What you are asked to do: Reproduce exactly, and nothing but, the lines between the one with "this 1932×1932 image." and the end of the entries, both ends included.

Record excerpts:
========

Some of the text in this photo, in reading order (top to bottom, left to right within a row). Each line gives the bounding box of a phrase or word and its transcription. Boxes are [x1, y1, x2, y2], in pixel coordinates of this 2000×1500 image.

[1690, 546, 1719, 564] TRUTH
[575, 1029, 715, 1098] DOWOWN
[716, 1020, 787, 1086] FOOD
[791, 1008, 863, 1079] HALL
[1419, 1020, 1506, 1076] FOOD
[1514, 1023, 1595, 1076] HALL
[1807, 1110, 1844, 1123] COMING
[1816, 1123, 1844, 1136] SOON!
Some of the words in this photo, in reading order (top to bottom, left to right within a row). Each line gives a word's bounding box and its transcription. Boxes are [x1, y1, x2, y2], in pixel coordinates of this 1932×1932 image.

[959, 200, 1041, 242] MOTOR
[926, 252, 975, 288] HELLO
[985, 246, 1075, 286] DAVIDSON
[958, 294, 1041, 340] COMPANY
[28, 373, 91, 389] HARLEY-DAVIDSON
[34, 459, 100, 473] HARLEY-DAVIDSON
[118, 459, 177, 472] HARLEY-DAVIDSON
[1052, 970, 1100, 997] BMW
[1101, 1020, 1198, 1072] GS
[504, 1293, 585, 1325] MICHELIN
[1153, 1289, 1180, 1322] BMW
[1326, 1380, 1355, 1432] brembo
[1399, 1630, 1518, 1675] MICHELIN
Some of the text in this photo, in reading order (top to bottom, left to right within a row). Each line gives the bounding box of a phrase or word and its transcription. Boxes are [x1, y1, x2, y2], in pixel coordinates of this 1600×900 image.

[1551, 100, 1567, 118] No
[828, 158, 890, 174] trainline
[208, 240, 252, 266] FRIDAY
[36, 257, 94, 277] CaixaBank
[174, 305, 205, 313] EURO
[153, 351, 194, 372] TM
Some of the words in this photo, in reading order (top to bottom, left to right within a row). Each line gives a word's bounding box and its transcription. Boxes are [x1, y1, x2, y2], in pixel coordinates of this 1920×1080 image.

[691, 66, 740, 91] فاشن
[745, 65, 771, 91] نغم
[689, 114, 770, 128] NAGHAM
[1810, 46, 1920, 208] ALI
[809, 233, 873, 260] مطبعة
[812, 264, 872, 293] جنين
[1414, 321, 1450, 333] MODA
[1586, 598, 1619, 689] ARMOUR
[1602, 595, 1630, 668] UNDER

========

Exercise response:
Some of the words in this photo, in reading order (top to bottom, left to right within a row). Each line gives a word's bounding box and its transcription. Boxes are [x1, y1, x2, y2], in pixel coordinates of this 1932×1932 image.

[959, 200, 1041, 242] MOTOR
[926, 252, 975, 288] HELLO
[985, 246, 1075, 286] DAVIDSON
[958, 294, 1041, 340] COMPANY
[28, 373, 91, 389] HARLEY-DAVIDSON
[34, 459, 100, 473] HARLEY-DAVIDSON
[118, 459, 177, 472] HARLEY-DAVIDSON
[1052, 970, 1100, 997] BMW
[1101, 1020, 1198, 1072] GS
[504, 1293, 585, 1325] MICHELIN
[1153, 1289, 1180, 1322] BMW
[1326, 1380, 1355, 1432] brembo
[1399, 1630, 1518, 1675] MICHELIN
Some of the text in this photo, in reading order (top to bottom, left to right within a row). Each line gives the bounding box of a phrase or word and its transcription. Boxes are [x1, y1, x2, y2], in pixel coordinates of this 1600×900 image.

[1551, 100, 1567, 118] No
[828, 158, 890, 174] trainline
[208, 240, 252, 266] FRIDAY
[36, 257, 94, 277] CaixaBank
[174, 305, 205, 313] EURO
[153, 351, 194, 372] TM
Some of the words in this photo, in reading order (top to bottom, left to right within a row). Each line gives a word's bounding box and its transcription. Boxes are [x1, y1, x2, y2], in pixel coordinates of this 1920×1080 image.

[691, 66, 740, 91] فاشن
[745, 65, 771, 91] نغم
[689, 114, 770, 128] NAGHAM
[1810, 46, 1920, 208] ALI
[809, 233, 873, 260] مطبعة
[812, 264, 872, 293] جنين
[1414, 321, 1450, 333] MODA
[1586, 598, 1619, 689] ARMOUR
[1602, 595, 1630, 668] UNDER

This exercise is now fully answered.